La junta directiva está compuesta por dos vocales de cada una de las 14 especialidades, un presidente y dos vicepresidentes. El mandato de los miembros de la junta directiva es de seis años, renovándose la mitad cada tres. En la cada renovación es sustituido un miembro de cada especialidad. El cargo de presidente no tiene remuneración, pero un cineasta que pasó por él contaba: "Ni siquiera tienes poder, ni en el puesto ni en general la Academia, ya que no puedes influir ni laboral ni legislativamente en la industria. Pero sí da gran relevancia pública en los medios de comunicación, y puedes mediar y ayudar a encuentros profesionales".

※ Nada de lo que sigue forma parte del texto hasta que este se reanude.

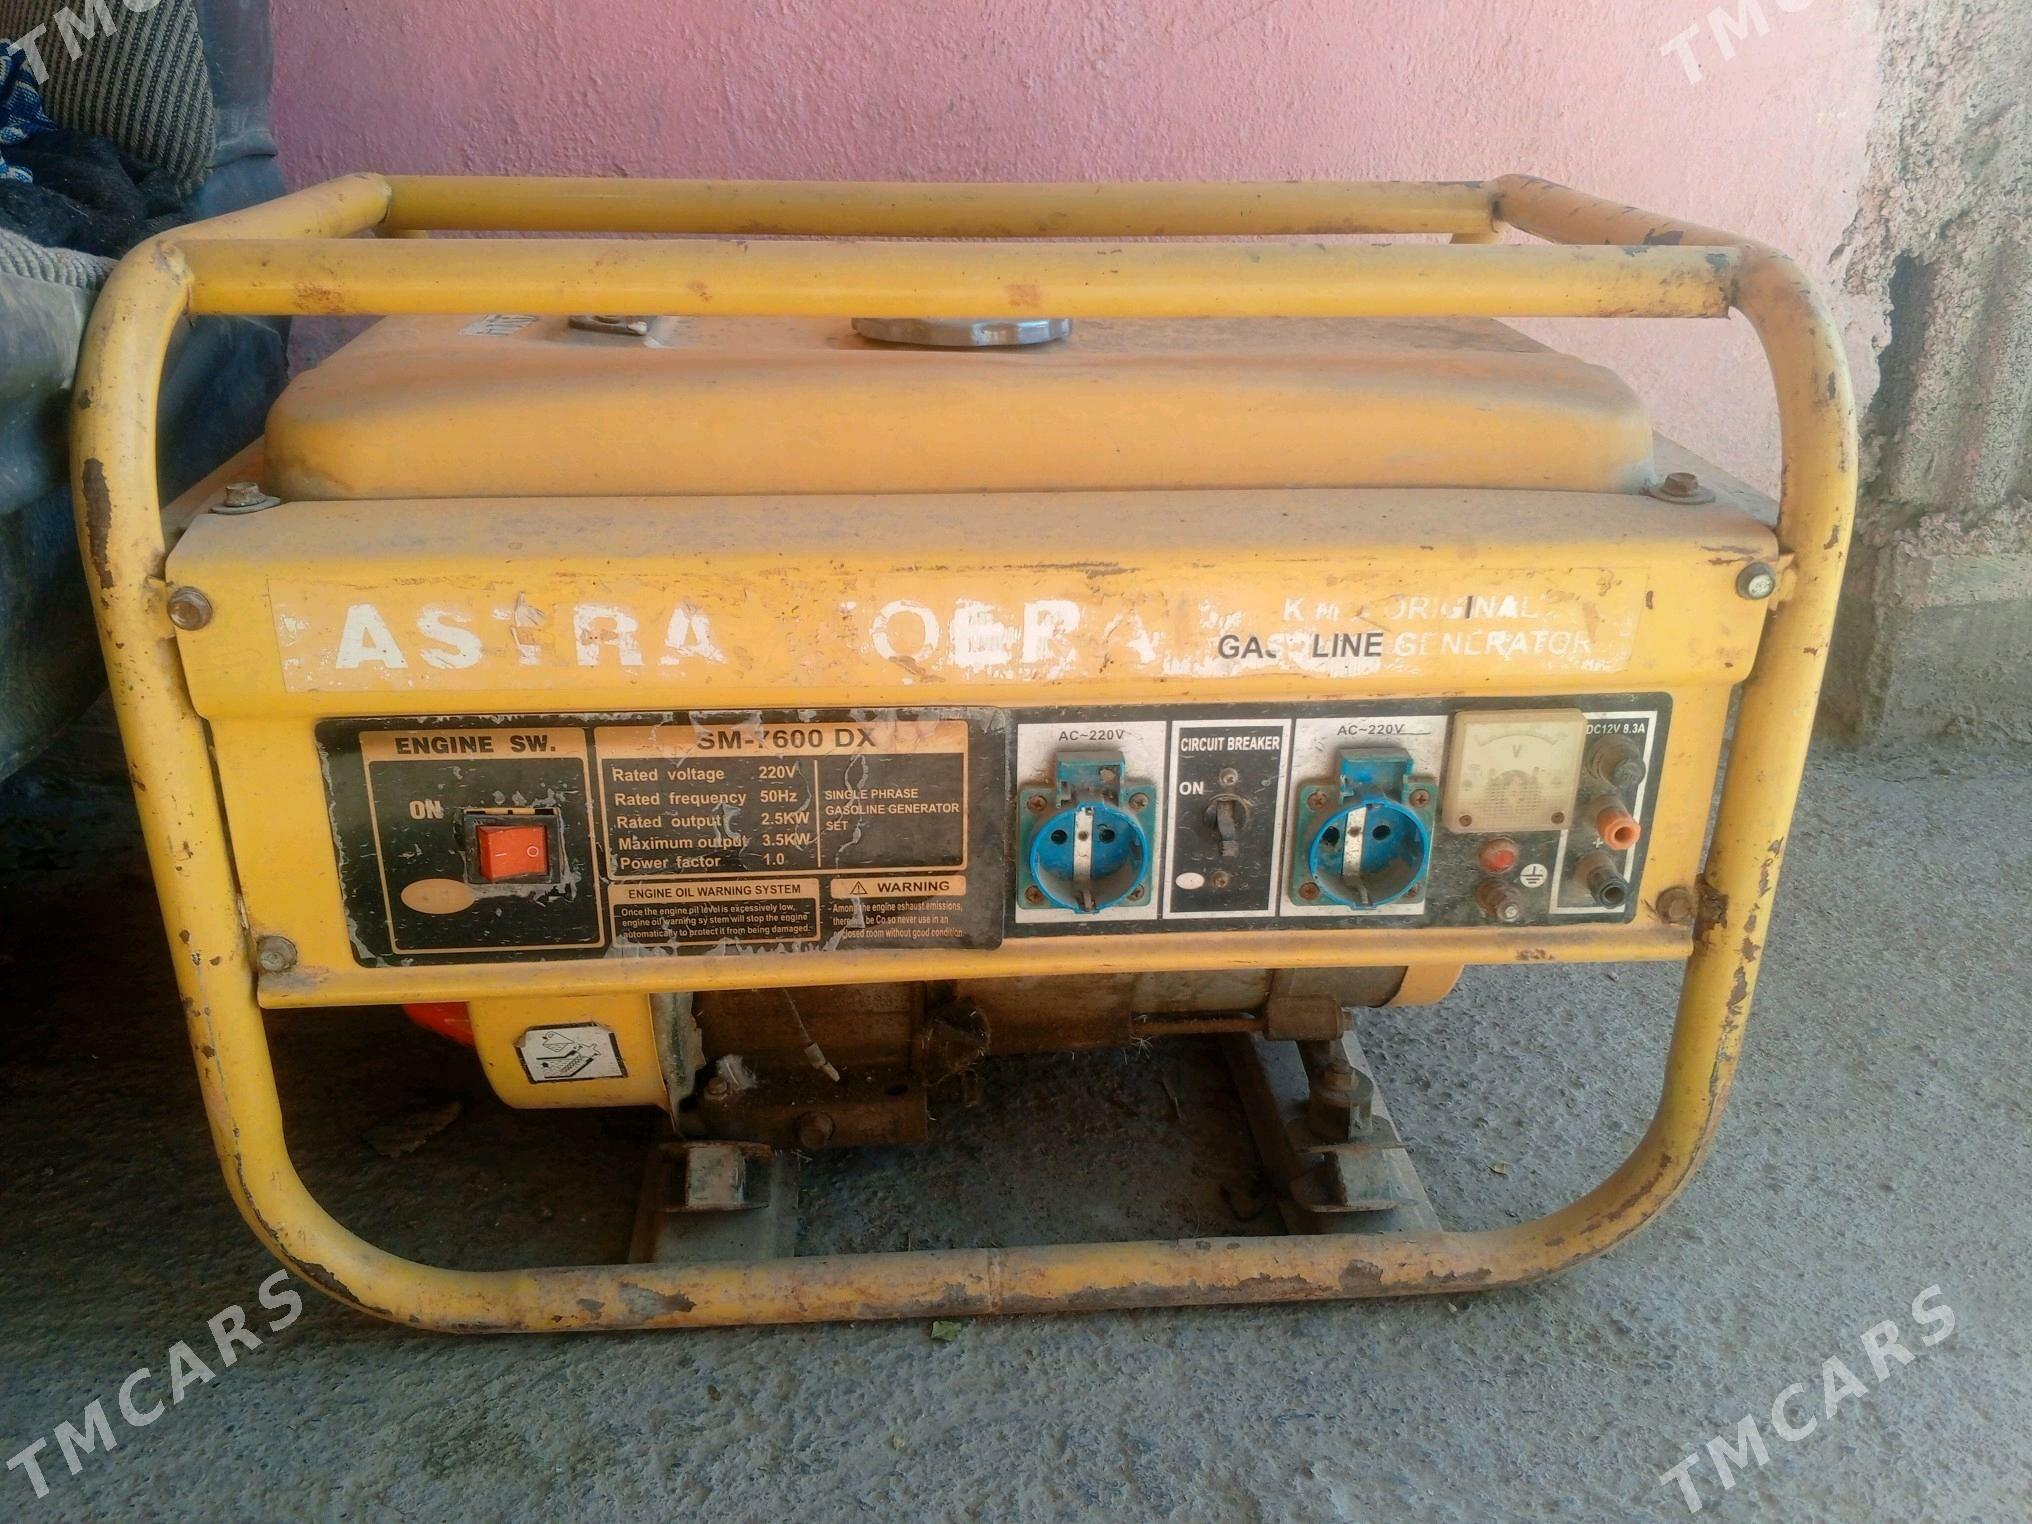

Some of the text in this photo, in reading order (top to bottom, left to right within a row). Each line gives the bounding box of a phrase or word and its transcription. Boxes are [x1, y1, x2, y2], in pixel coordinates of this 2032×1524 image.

[1586, 723, 1646, 735] DC12V 8.3A
[395, 734, 556, 754] ENGINE SW.
[834, 728, 876, 748] DX
[1180, 736, 1281, 752] CIRCUIT BREAKER
[612, 766, 796, 783] Rated voltage 220V
[824, 788, 919, 801] SINGLE PHRASE
[1178, 781, 1204, 796] ON
[614, 790, 798, 807] Rated frequency 50Hz
[409, 800, 444, 819] ON
[825, 803, 960, 816] GASOLINE GENERATOR
[616, 812, 810, 830] Rated output 2.5KW
[825, 820, 848, 831] SET
[618, 833, 810, 851] Maximum output 3.5KW
[620, 853, 785, 870] Power factor 1.0
[628, 884, 801, 899] ENGINE OIL WARNING SYSTEM
[877, 881, 950, 893] WARNING
[621, 908, 643, 916] Once
[644, 907, 658, 916] the
[659, 907, 687, 916] engine
[721, 905, 729, 913] is
[730, 904, 778, 913] excessively
[872, 902, 896, 913] engine
[622, 918, 651, 928] engine
[651, 918, 662, 926] oil
[730, 915, 745, 923] will
[746, 915, 765, 923] stop
[766, 914, 779, 922] the
[780, 913, 808, 923] engine
[865, 915, 875, 925] be
[897, 916, 916, 924] never
[918, 915, 931, 924] use
[679, 928, 688, 936] to
[689, 928, 718, 938] protect
[726, 926, 746, 935] from
[747, 925, 770, 935] being
[833, 929, 865, 938] elosed
[885, 928, 911, 938] without
[912, 928, 930, 939] good

Hace 15 días, también presentó su renuncia como vicepresidenta la cineasta Gracia Querejeta a través de una carta. Ella alegó problemas para compatibilizar su cargo con sus compromisos profesionales.

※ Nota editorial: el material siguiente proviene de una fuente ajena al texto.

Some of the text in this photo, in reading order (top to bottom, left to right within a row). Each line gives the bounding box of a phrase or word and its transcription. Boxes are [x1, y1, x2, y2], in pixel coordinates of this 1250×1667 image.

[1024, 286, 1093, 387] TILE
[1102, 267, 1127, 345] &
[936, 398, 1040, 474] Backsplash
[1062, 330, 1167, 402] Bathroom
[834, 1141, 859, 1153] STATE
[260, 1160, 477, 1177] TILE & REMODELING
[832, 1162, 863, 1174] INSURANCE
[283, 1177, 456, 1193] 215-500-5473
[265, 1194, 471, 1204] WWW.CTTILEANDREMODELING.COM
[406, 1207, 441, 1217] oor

La dimisión ahora de la cúpula de la Academia se suma a la inesperada renuncia del anterior presidente, el exhibidor, distribuidor y productor Enrique González Macho, el pasado mes de febrero de 2015, tras haber logrado su reelección diez meses antes. Semanas después, saltó a la opinión pública que González Macho estaba siendo investigado, junto con otros profesionales del cine, por presunto fraude en la taquilla.

"MÁS OPERATIVIDAD"

Horas después de anunciar su decisión, Antonio Resines ha hecho unas declaraciones a la agencia Europa Press en las que ha pedido "más operatividad" para la presidencia y vicepresidencia de la Academia de Cine. El actor ha asegurado que no hay "ninguna posibilidad" de que vuelva a presentarse y que no se le ocurre "ningún nombre" para el cargo. Resines ha reconocido que existe un "problema grave" en la Academia de Cine, puesto que "el sistema de elección de la presidencia no es bueno", un puesto que debe tener "más operatividad". El ya expresidente de la Academia cree que no pueden pasar todas las decisiones por la aprobación de la junta. "Si una parte de la Junta no está de acuerdo con la presidencia, tienes un margen de maniobra muy pequeño".

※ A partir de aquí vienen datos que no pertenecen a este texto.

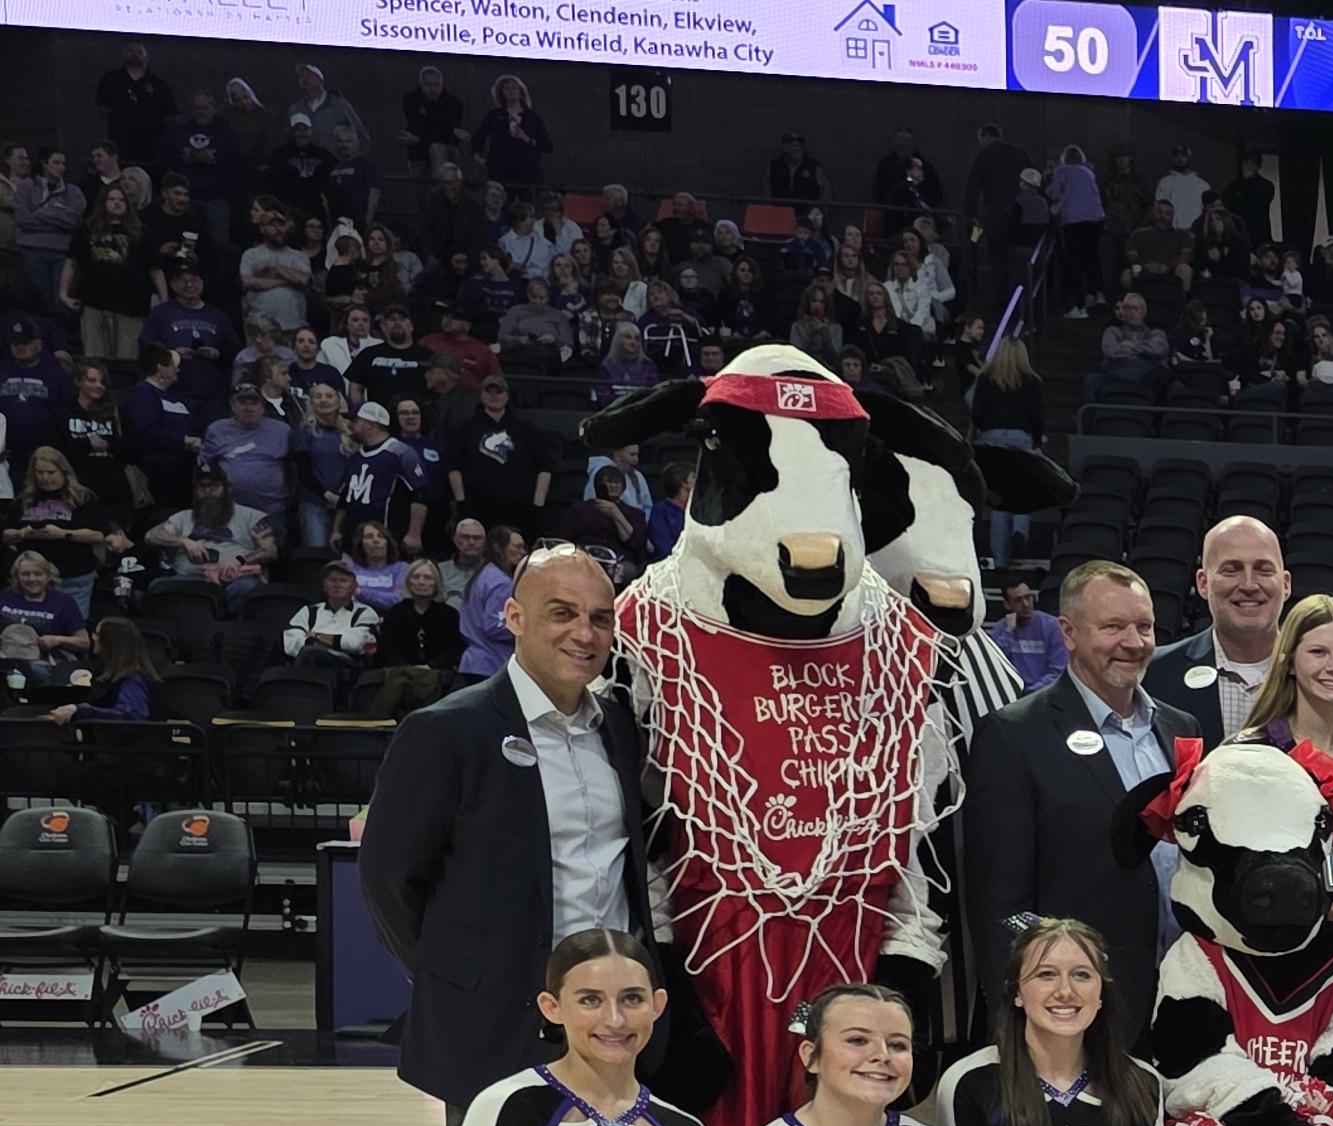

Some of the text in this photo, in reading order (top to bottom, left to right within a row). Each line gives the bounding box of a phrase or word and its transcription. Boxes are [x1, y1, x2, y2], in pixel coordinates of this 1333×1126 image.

[471, 0, 550, 21] Walton,
[556, 3, 667, 30] Clendenin,
[673, 12, 756, 35] Elkview,
[360, 18, 773, 66] Sissonville, Poca Winfield, Kanawha City
[1043, 25, 1109, 74] 50
[615, 84, 667, 119] 130
[769, 662, 855, 691] BLOCK
[788, 725, 855, 755] PASS
[0, 976, 77, 999] hick-fil-A

Las "discrepancias" a las que hace referencia en el comunicado son "con una parte de la junta directiva" y respecto a temas "internos". "Después de varias negativas y enfrentamientos que no han sido agradables", prefiere dimitir porque cree que la Academia debe estar "unida", aunque insiste en que "no ha pasado nada grave". Finalmente, cree que "no merece la pena perder tiempo, dinero y esfuerzos para no conseguir nada".

Resines, que fue presidente en funciones año y medio tras la dimisión del anterior máximo responsable, Enrique González Macho, accedió al cargo tras ser ratificado por la asamblea del 5 de mayo de 2015, ya que fue el candidato único que se presentó al cargo de entre los 1.400 académicos.